[Opening Data shown section]

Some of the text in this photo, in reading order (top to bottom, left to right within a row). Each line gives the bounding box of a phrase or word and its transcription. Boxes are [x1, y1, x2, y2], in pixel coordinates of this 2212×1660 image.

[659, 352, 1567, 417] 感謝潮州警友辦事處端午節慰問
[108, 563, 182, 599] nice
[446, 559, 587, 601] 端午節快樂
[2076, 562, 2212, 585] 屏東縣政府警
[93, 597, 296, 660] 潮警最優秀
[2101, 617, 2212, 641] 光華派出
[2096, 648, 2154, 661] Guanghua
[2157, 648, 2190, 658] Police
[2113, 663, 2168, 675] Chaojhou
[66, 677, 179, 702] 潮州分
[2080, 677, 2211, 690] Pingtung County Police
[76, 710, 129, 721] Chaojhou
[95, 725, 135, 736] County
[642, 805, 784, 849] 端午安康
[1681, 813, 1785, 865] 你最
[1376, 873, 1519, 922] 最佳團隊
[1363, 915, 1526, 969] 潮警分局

[Closing Data shown section]

** What you are asked to do **
Write out every line of the data exactly, leaving nothing out.

** Result for this exercise **
Some of the text in this photo, in reading order (top to bottom, left to right within a row). Each line gives the bounding box of a phrase or word and its transcription. Boxes are [x1, y1, x2, y2], in pixel coordinates of this 2212×1660 image.

[659, 352, 1567, 417] 感謝潮州警友辦事處端午節慰問
[108, 563, 182, 599] nice
[446, 559, 587, 601] 端午節快樂
[2076, 562, 2212, 585] 屏東縣政府警
[93, 597, 296, 660] 潮警最優秀
[2101, 617, 2212, 641] 光華派出
[2096, 648, 2154, 661] Guanghua
[2157, 648, 2190, 658] Police
[2113, 663, 2168, 675] Chaojhou
[66, 677, 179, 702] 潮州分
[2080, 677, 2211, 690] Pingtung County Police
[76, 710, 129, 721] Chaojhou
[95, 725, 135, 736] County
[642, 805, 784, 849] 端午安康
[1681, 813, 1785, 865] 你最
[1376, 873, 1519, 922] 最佳團隊
[1363, 915, 1526, 969] 潮警分局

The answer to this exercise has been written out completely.